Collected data
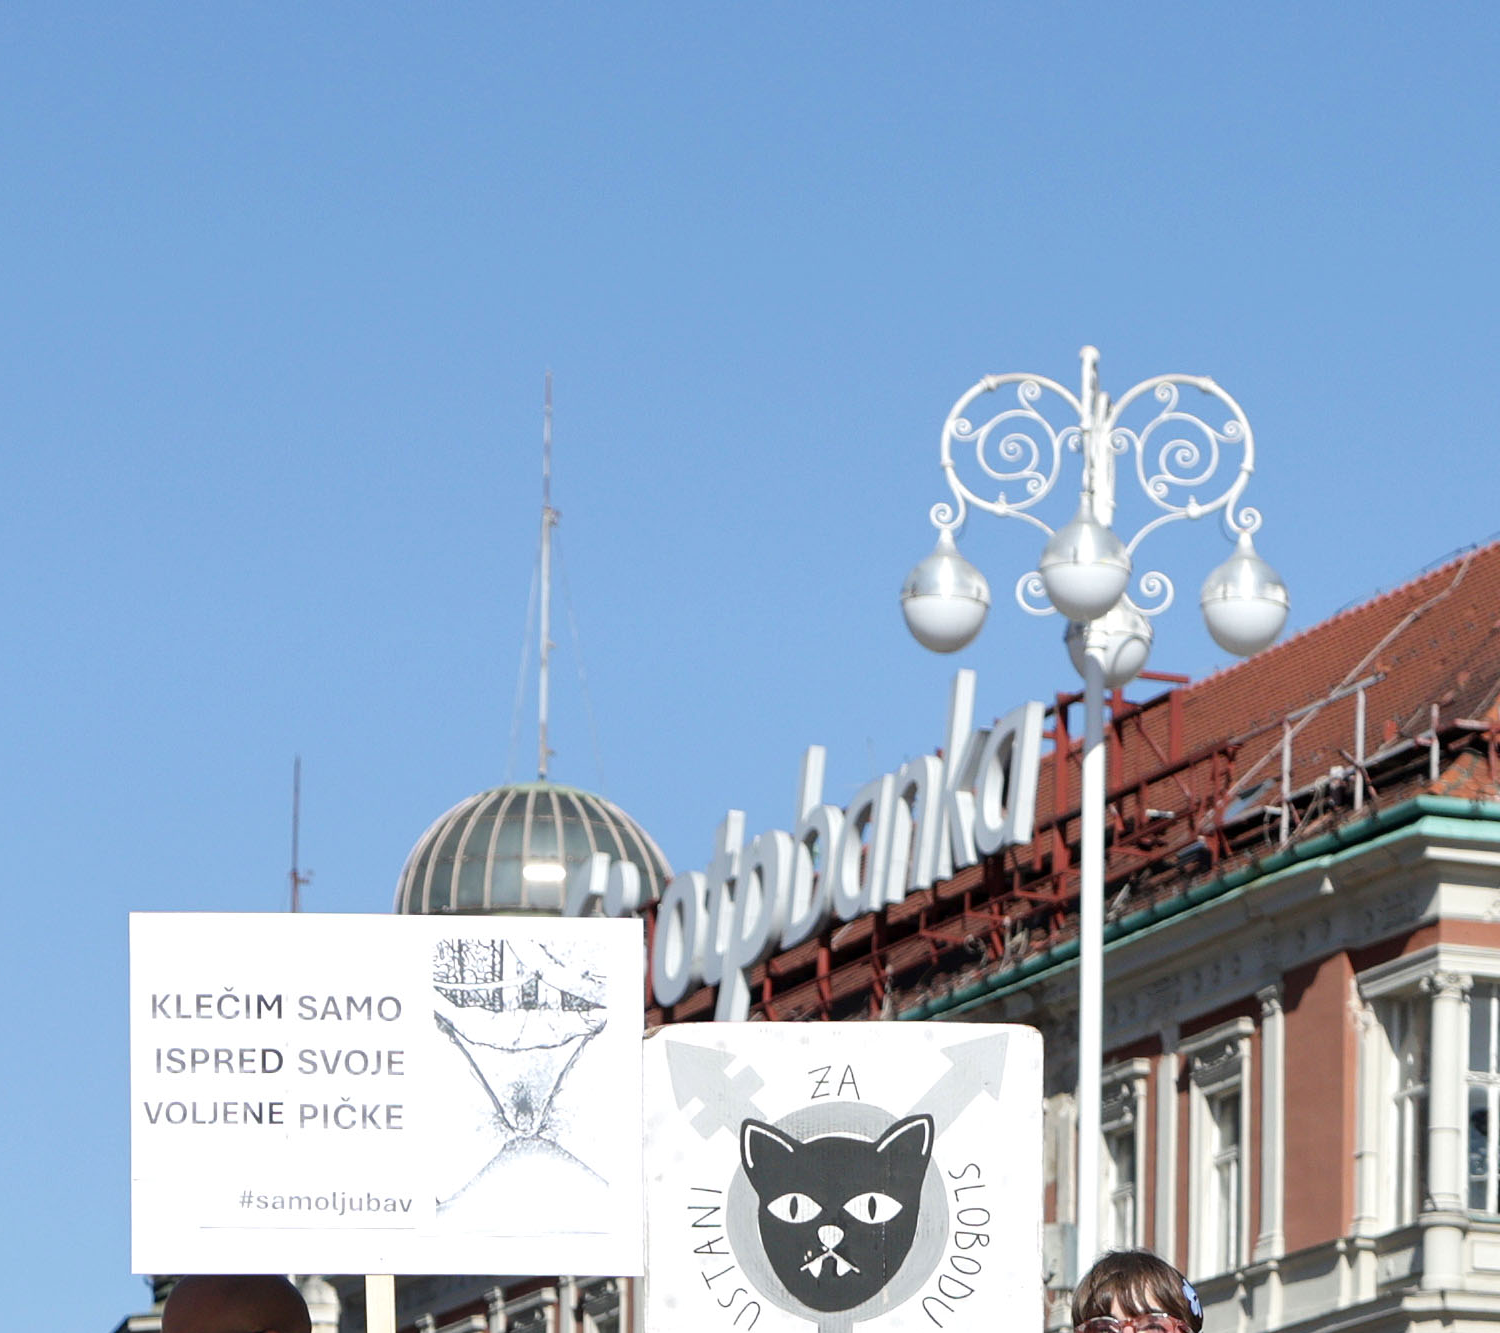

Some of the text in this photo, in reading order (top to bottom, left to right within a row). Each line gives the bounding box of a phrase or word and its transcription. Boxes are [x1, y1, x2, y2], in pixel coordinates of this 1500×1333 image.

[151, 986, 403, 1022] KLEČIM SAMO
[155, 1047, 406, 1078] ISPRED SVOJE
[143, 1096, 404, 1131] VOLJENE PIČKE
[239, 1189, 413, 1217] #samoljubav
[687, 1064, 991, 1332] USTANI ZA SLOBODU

## [What to do]
Give the entries back verbatim and omit the images.

## [The answer]
Some of the text in this photo, in reading order (top to bottom, left to right within a row). Each line gives the bounding box of a phrase or word and its transcription. Boxes are [x1, y1, x2, y2], in pixel coordinates of this 1500×1333 image.

[151, 986, 403, 1022] KLEČIM SAMO
[155, 1047, 406, 1078] ISPRED SVOJE
[143, 1096, 404, 1131] VOLJENE PIČKE
[239, 1189, 413, 1217] #samoljubav
[687, 1064, 991, 1332] USTANI ZA SLOBODU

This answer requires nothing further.